---------- TASK DATA ----------
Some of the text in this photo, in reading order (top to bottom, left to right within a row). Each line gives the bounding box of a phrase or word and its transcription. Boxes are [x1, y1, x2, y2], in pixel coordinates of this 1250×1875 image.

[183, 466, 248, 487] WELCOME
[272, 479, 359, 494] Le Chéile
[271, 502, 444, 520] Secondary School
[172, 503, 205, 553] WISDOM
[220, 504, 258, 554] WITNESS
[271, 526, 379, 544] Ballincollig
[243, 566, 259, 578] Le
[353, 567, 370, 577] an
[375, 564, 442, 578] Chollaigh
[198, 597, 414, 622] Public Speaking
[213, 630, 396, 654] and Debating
----------
§ **EXERCISE BRIEF**
Repeat the records above exactly, from the first line to the last.

§ **EXERCISE OUTPUT**
Some of the text in this photo, in reading order (top to bottom, left to right within a row). Each line gives the bounding box of a phrase or word and its transcription. Boxes are [x1, y1, x2, y2], in pixel coordinates of this 1250×1875 image.

[183, 466, 248, 487] WELCOME
[272, 479, 359, 494] Le Chéile
[271, 502, 444, 520] Secondary School
[172, 503, 205, 553] WISDOM
[220, 504, 258, 554] WITNESS
[271, 526, 379, 544] Ballincollig
[243, 566, 259, 578] Le
[353, 567, 370, 577] an
[375, 564, 442, 578] Chollaigh
[198, 597, 414, 622] Public Speaking
[213, 630, 396, 654] and Debating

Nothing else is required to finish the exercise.